Doctor of Philosophy



Major Professor

Walter E. Klippel

Committee Members

Paul W. Parmalee, Charles H. Faulkner, Schuyler W. Huck


This dissertation examines and compares the patterns of animal utilization by the peoples who inhabited et-Tell / Bethsaida during three historical periods: the Iron Age (specifically Iron Age IIA, IIB and IIC, 1000–740 BCE), the Early Hellenistic Period (332–142 BCE) and the Late Hellenistic / Early Roman Period (142 BCE–second century CE). The research presented here analyzes animal bones discovered during excavations from 1995 through 1998 at et-Tell, a site in present-day Israel. Zooarchaeological analysis of these remains in their archaeological contexts, in combination and comparison with data from neighboring sites, is used to identify the economic strategies and lifeways of the societies at et-Tell in each of these periods, relationships between meat producers and consumers, class and power distinctions between inhabitants in different parts of the site, and potential ethnic markers which signal identification with wider cultural groupings.

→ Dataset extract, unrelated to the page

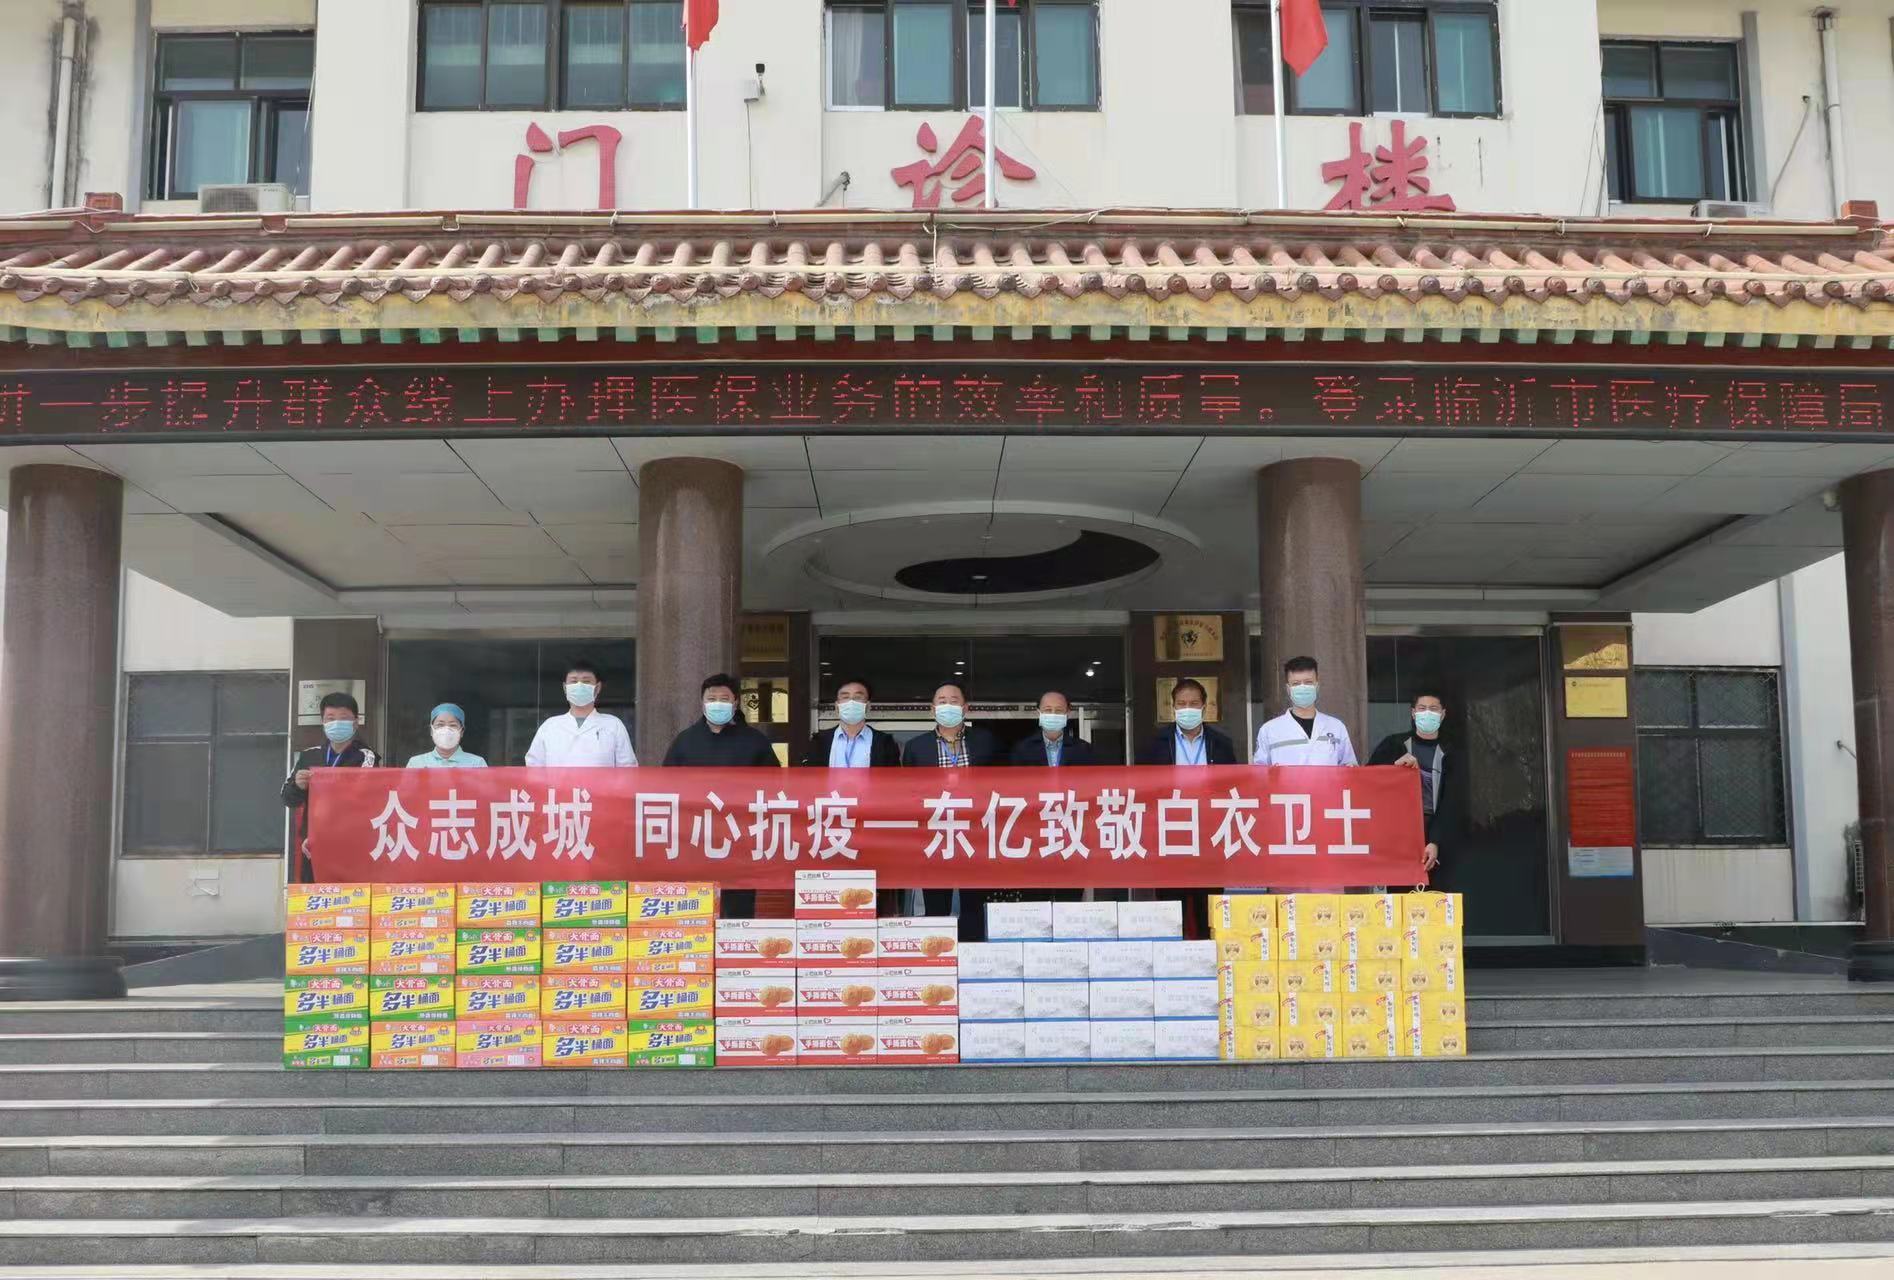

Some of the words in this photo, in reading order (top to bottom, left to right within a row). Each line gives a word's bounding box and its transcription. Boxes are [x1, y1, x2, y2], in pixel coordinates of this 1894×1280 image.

Iron Age et-Tell – apparently the capital city of the Geshurite kingdom – was a major urban center engaged in intensive agriculture. This investigation reveals significant differences in animal utilization between the bit hilani (a palace) and the city’s gate complex, providing insight into Geshurite culture and evidence of the class dynamics between the city’s elites and commoners. After an extended period of sparse inhabitation following the Assyrian conquest in the Iron Age, the Early Hellenistic Period at et-Tell was a time of rebuilding and a major agricultural focus. Intra-site differences in animal usage between the northern and southern ends of the tel indicate class differences, a more specialized system of meat procurement and likely economic relationships between inhabitants of these distinct areas within the site. During the Late Hellenistic / Early Roman Period, the faunal evidence indicates a more diverse economic base at et-Tell, known then as Bethsaida or Bethsaida-Julias. The key intra-site distinction in faunal use during this period was between the Early Roman temple and the non-temple areas, which suggests certain class differences and helps clarify the relationship of the temple’s imperial cult to the community’s economic life. Potential faunal ethnic markers during each period investigated remain ambiguous, and are better explained in terms of socio-economic differences.